Before proceeding, it's important to understand how hard disks handle errors.

The space on a hard disk is made up of sectors, each 512 bytes, or for large disks, 4096 bytes long. Each has Error Correction Code (ECC) bits appended, and using these the disk firmware can correct read errors up to a certain number of consecutive bits. Such errors are corrected by the disk without bothering the user or the host computer, retrying the read operation multiple times if necessary. Furthermore, if the disk finds a sector which is becoming marginal (i.e. it only just managed to correct an error) it may automatically allocate a spare sector and rewrite the data to the spare, marking the original as bad.
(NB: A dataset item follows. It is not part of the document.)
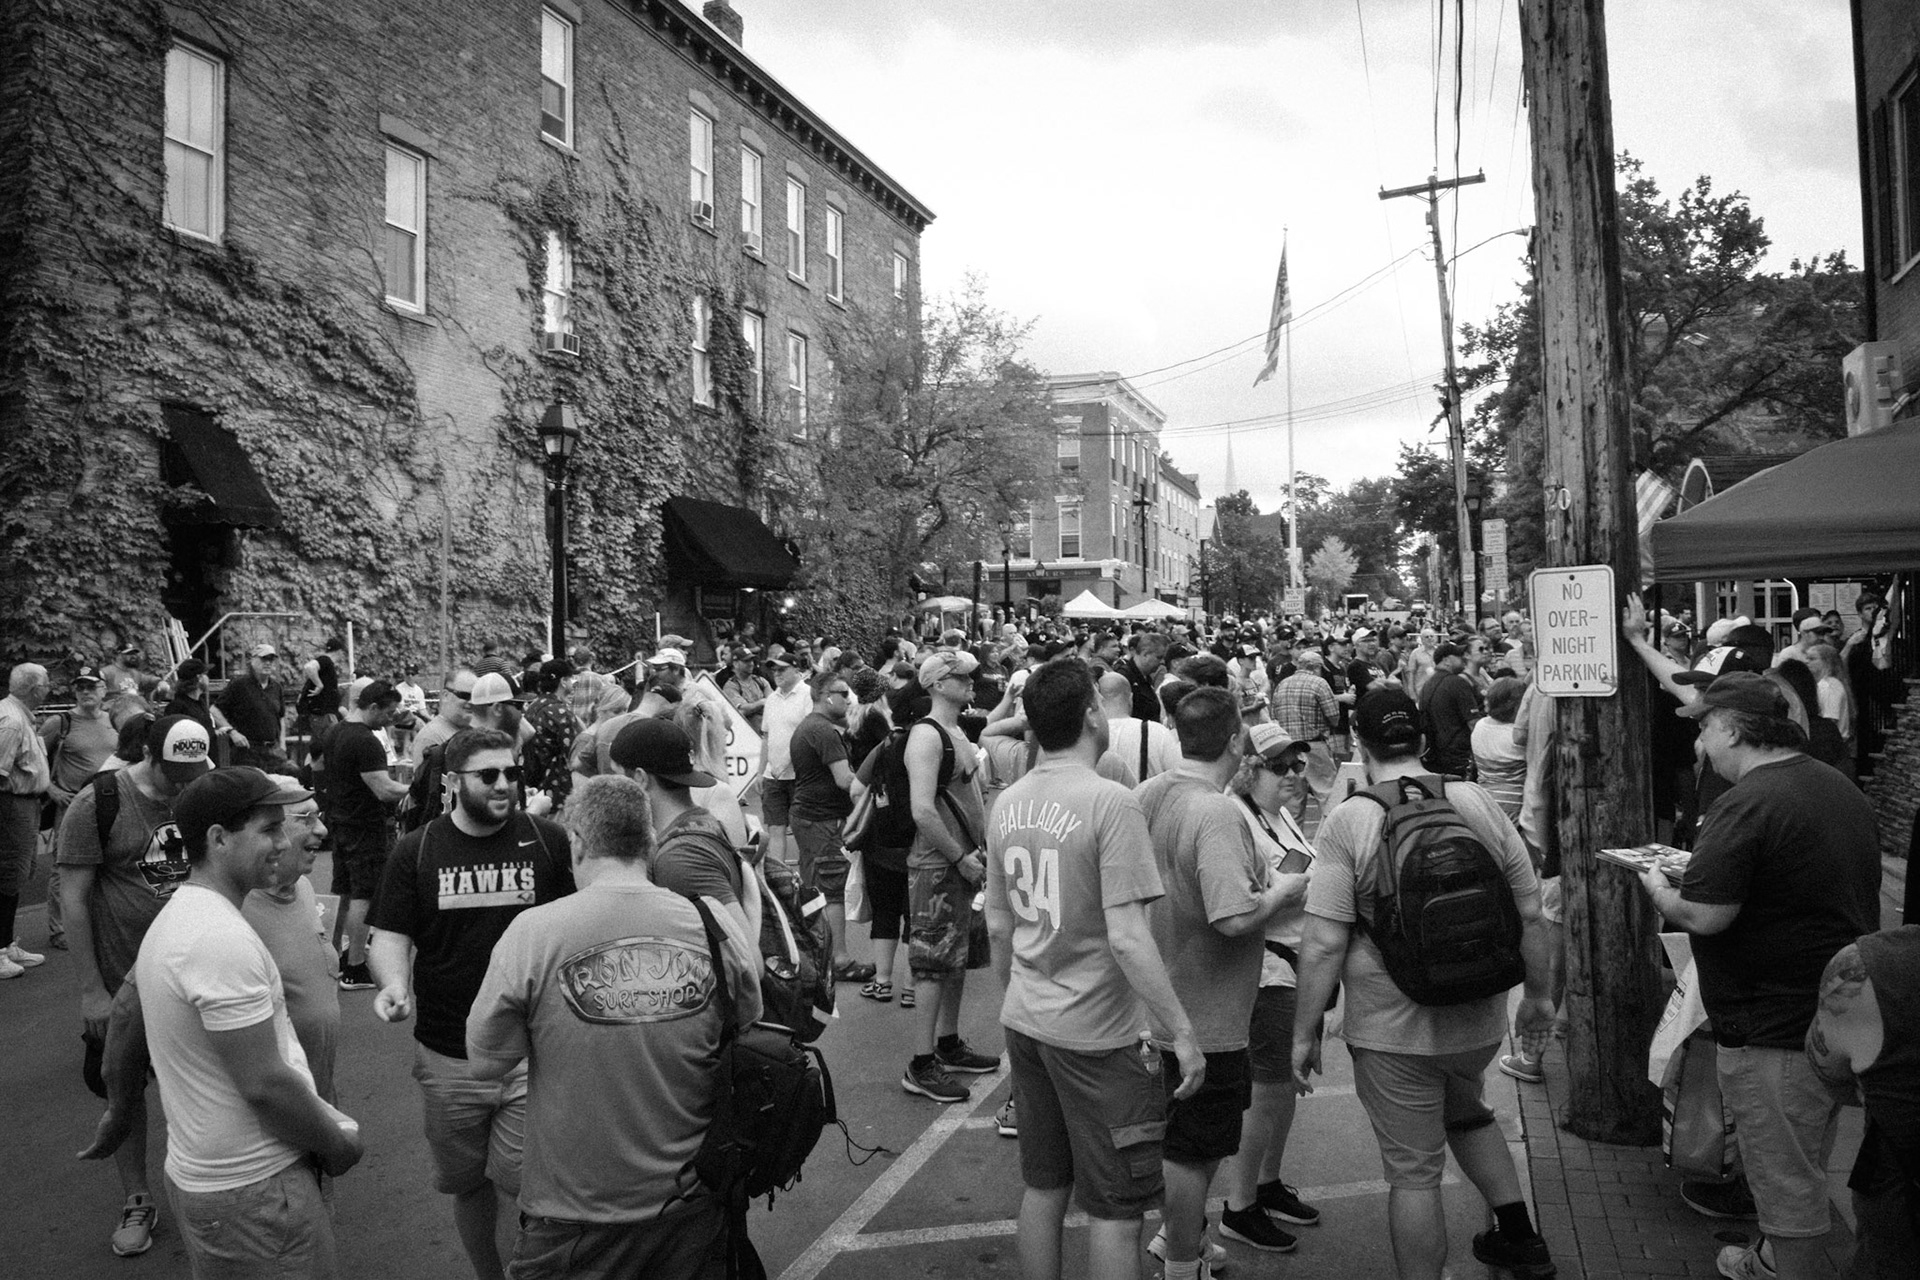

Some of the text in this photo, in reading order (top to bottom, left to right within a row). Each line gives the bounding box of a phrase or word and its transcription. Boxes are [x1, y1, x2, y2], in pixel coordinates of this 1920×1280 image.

The strategy for doing this may vary, but is roughly as follows:

  1. If a read is (eventually) successful, provided the number of retries and/or the level of error correction required (if any) were below a certain threshold, then do nothing.
  2. If the retries and/or error correction were above that threshold, but the data was still recovered, remap the sector (i.e. rewrite the data to a spare sector and mark the original as bad).
  3. If the data couldn't be recovered, mark the sector as "unstable", increment the count of "pending" sectors and return an error to the host computer.
  4. If the sector had previously been marked unstable but is now read correctly, remap it and decrement the "pending sectors" count.
  5. If a write occurs to a sector marked as "unstable", remap it by diverting the write to a spare sector and decrement the "pending sectors" count.

SSDs operate a similar but often vendor-specific strategy.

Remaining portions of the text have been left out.